#### YOUR ASSIGNMENT:
When copying the records below, omit any image and print everything else exactly.

#### AVAILABLE DATA:

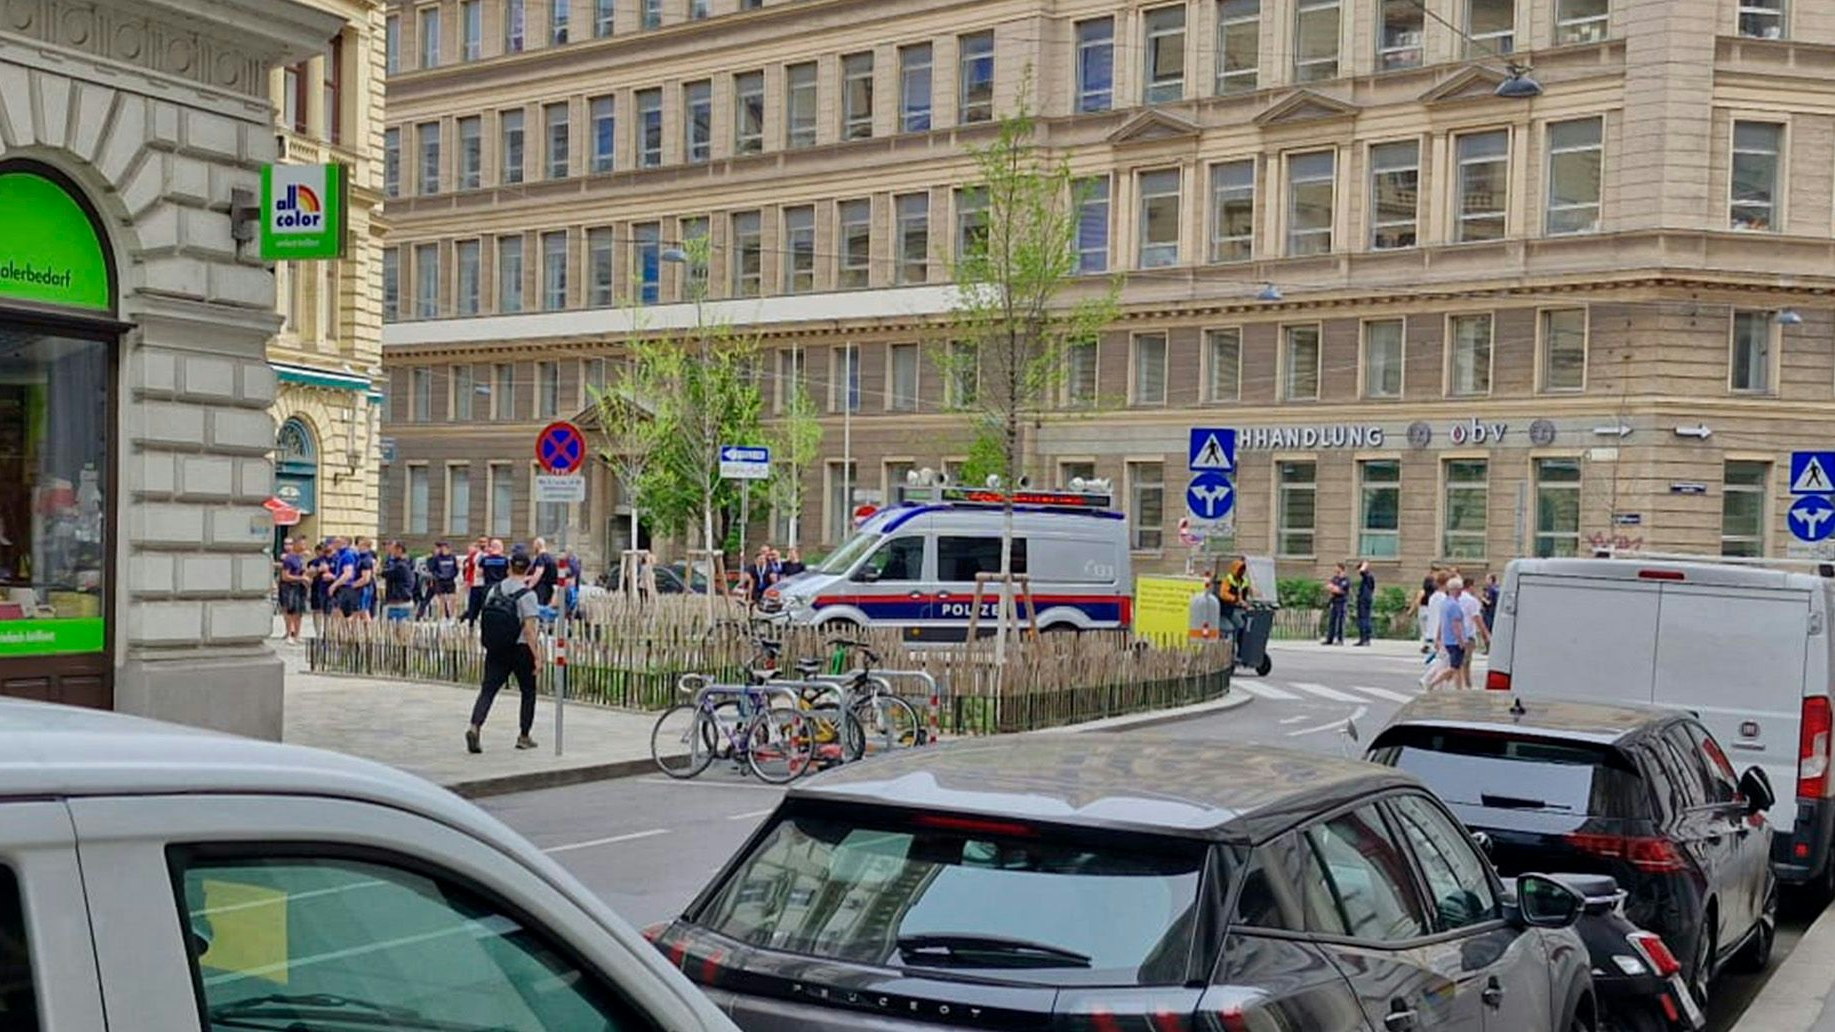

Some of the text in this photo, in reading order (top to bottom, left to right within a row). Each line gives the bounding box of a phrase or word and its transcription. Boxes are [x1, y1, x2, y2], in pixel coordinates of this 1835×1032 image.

[276, 184, 297, 210] all
[276, 210, 321, 227] color
[0, 259, 71, 289] alerbedarf
[1237, 425, 1385, 449] HHANDLUNG
[1450, 418, 1508, 445] obv
[941, 603, 999, 616] POLZE
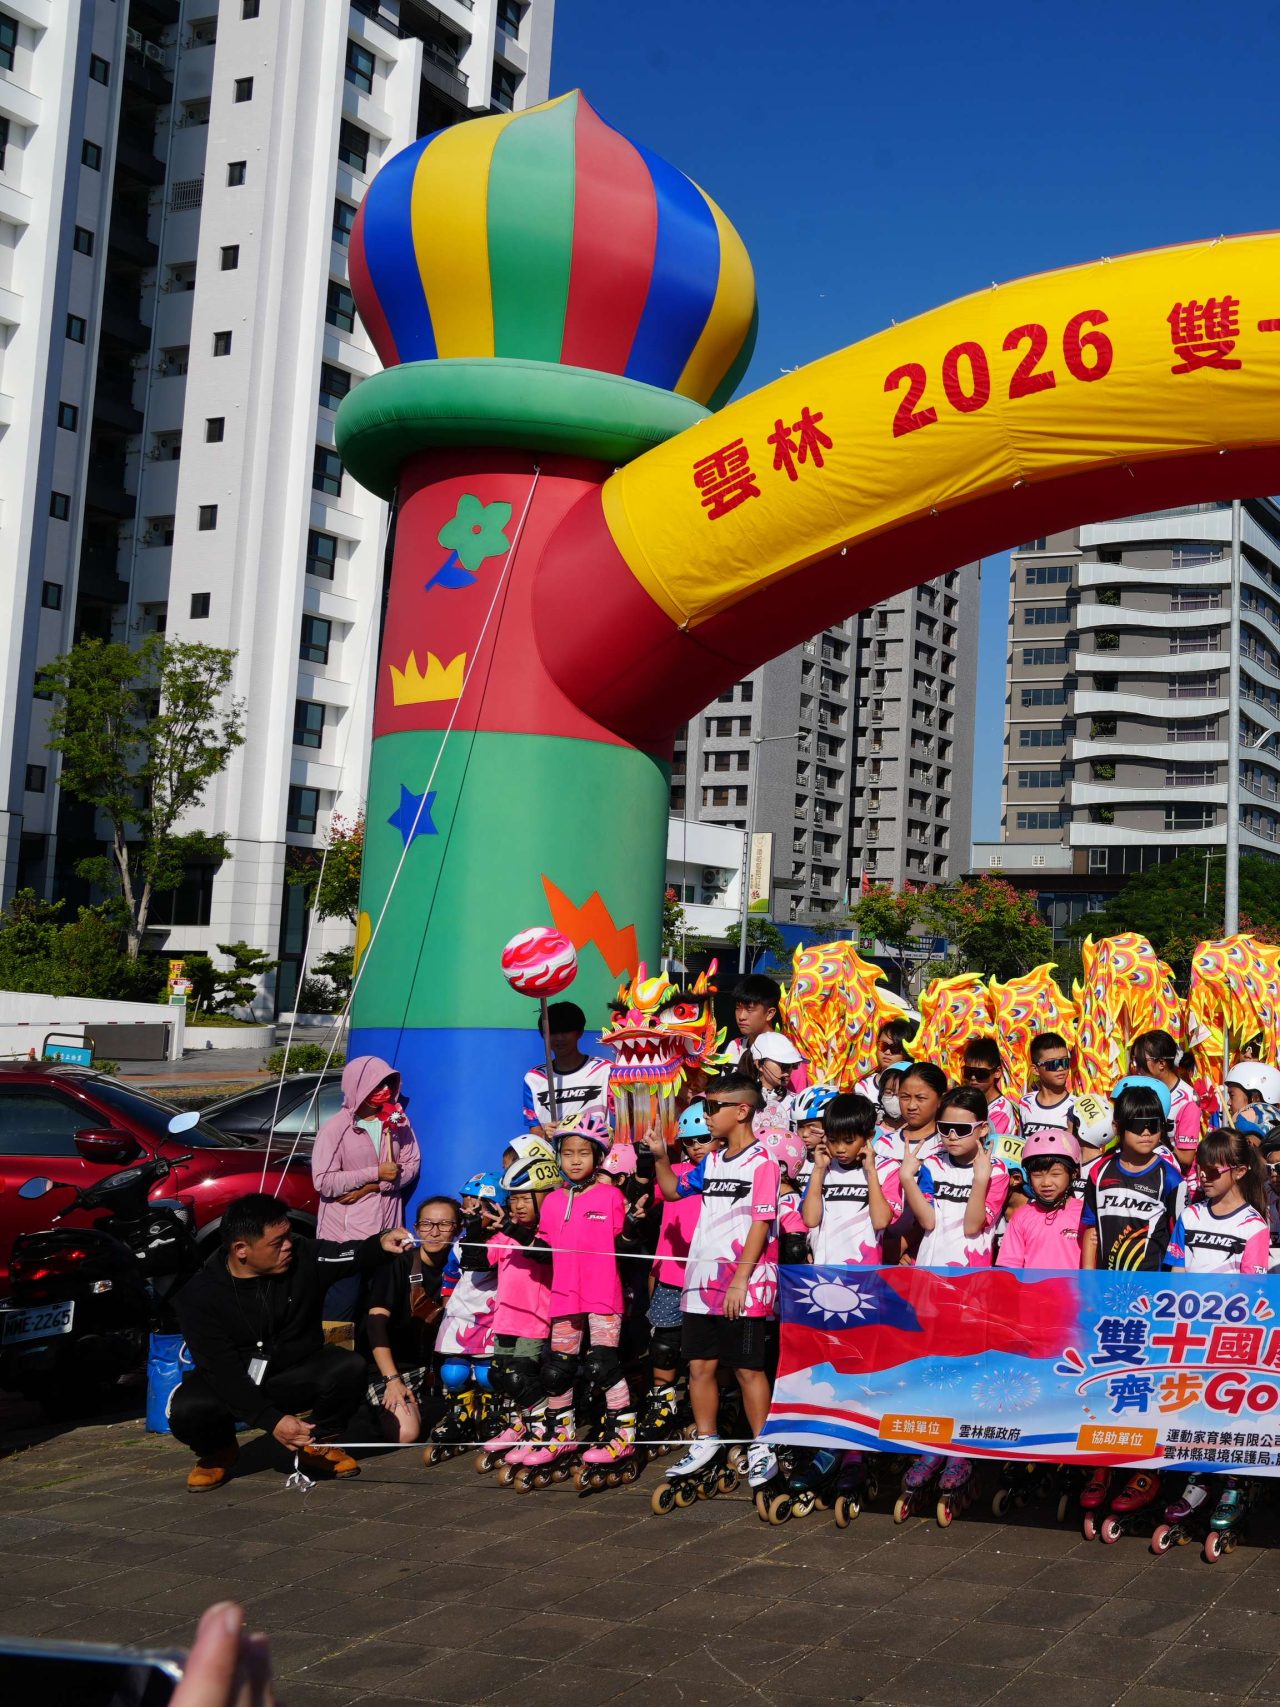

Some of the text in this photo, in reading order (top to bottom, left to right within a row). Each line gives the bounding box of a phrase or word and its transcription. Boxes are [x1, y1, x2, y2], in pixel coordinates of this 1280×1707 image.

[693, 406, 833, 521] 雲林
[883, 309, 1114, 438] 2026
[1080, 1098, 1099, 1119] 004
[1003, 1140, 1024, 1156] 07
[535, 1167, 560, 1181] 030
[824, 1186, 868, 1198] FLAME
[1098, 1195, 1159, 1212] FLAME
[1188, 1233, 1237, 1247] FLAME
[1155, 1292, 1247, 1323] 2026
[891, 1419, 940, 1435] 主辦單位
[959, 1424, 1021, 1442] 雲林縣政府
[1091, 1430, 1143, 1447] 協助單位
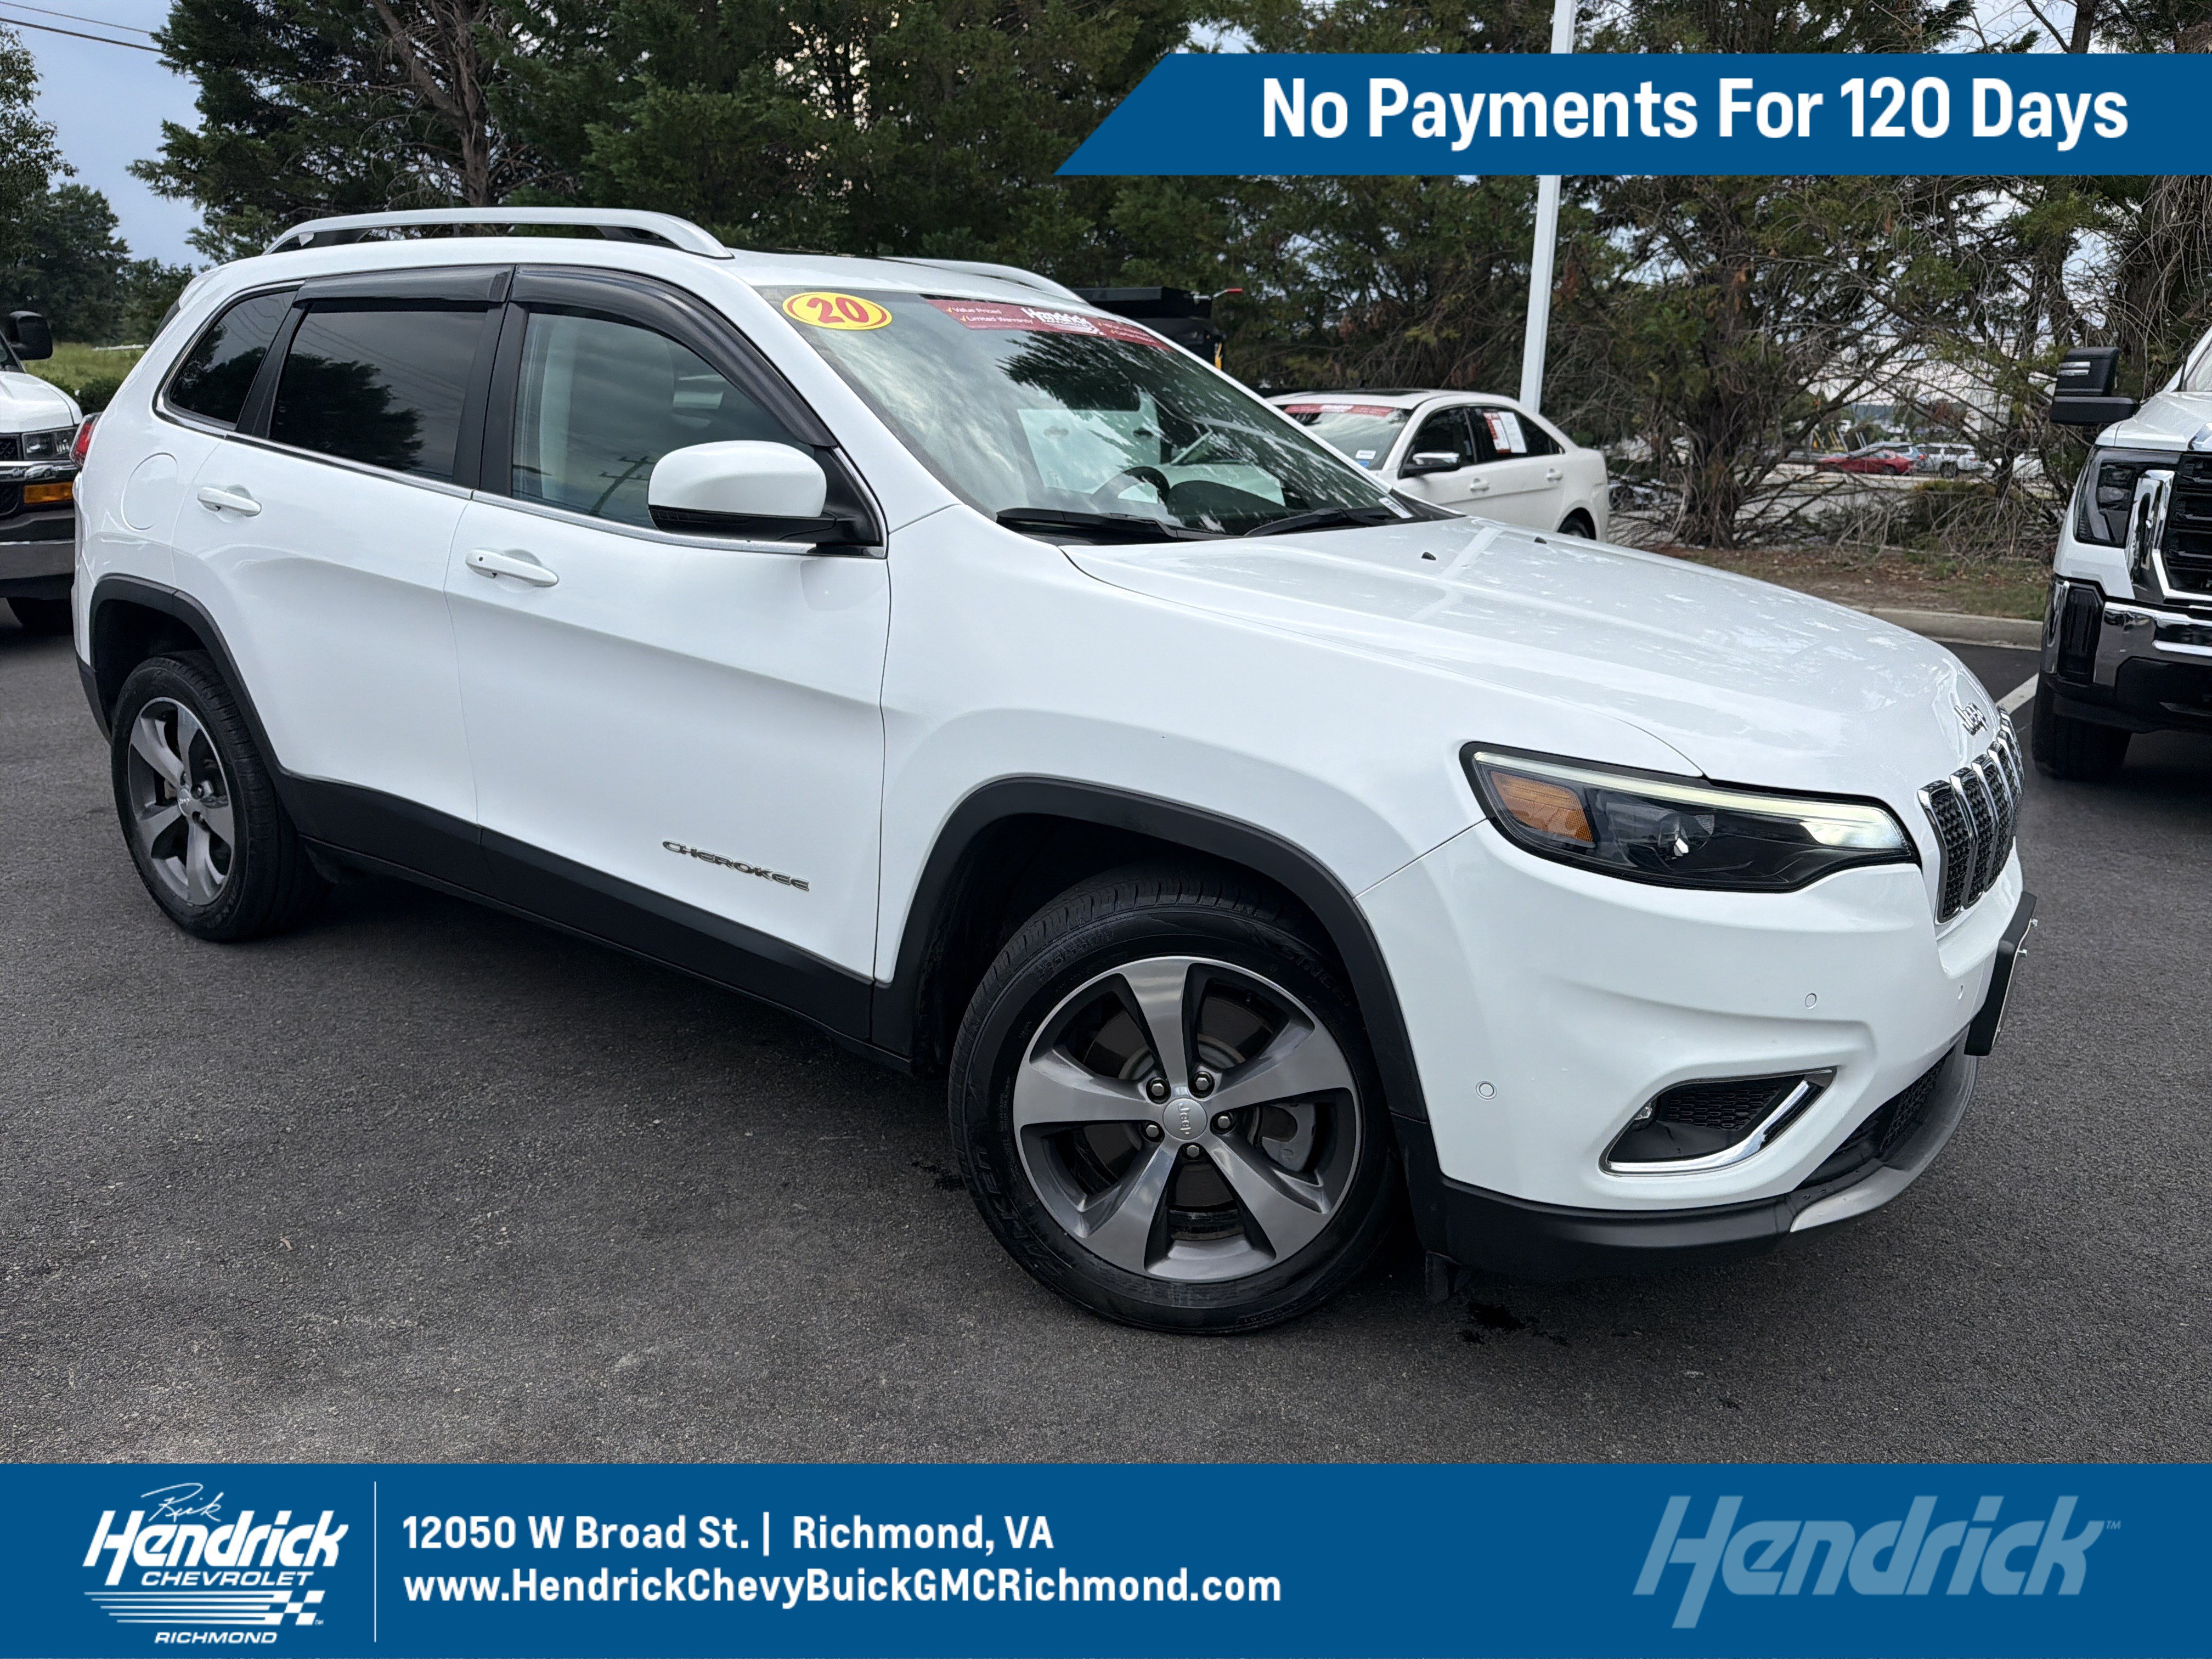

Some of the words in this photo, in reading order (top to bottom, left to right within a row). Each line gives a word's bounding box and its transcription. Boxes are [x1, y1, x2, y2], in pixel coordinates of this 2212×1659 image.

[806, 297, 870, 324] 20
[1954, 702, 1989, 736] Jeep
[662, 839, 810, 892] CHEROKEE
[1177, 1103, 1191, 1135] Jeep

#### SOLUTION FOR THIS EXERCISE:
Some of the text in this photo, in reading order (top to bottom, left to right within a row). Each line gives the bounding box of a phrase or word and its transcription. Boxes are [x1, y1, x2, y2], in pixel coordinates of this 1835×1032 image.

[276, 184, 297, 210] all
[276, 210, 321, 227] color
[0, 259, 71, 289] alerbedarf
[1237, 425, 1385, 449] HHANDLUNG
[1450, 418, 1508, 445] obv
[941, 603, 999, 616] POLZE

Some of the text in this photo, in reading order (top to bottom, left to right within a row). Each line gives the bounding box of a phrase or word and its transcription. Boxes are [x1, y1, x2, y2], in pixel coordinates of this 1280×1707 image.

[693, 406, 833, 521] 雲林
[883, 309, 1114, 438] 2026
[1080, 1098, 1099, 1119] 004
[1003, 1140, 1024, 1156] 07
[535, 1167, 560, 1181] 030
[824, 1186, 868, 1198] FLAME
[1098, 1195, 1159, 1212] FLAME
[1188, 1233, 1237, 1247] FLAME
[1155, 1292, 1247, 1323] 2026
[891, 1419, 940, 1435] 主辦單位
[959, 1424, 1021, 1442] 雲林縣政府
[1091, 1430, 1143, 1447] 協助單位

Some of the words in this photo, in reading order (top to bottom, left to right within a row). Each line gives a word's bounding box and its transcription. Boxes are [x1, y1, x2, y2], in pixel coordinates of this 2212×1659 image.

[806, 297, 870, 324] 20
[1954, 702, 1989, 736] Jeep
[662, 839, 810, 892] CHEROKEE
[1177, 1103, 1191, 1135] Jeep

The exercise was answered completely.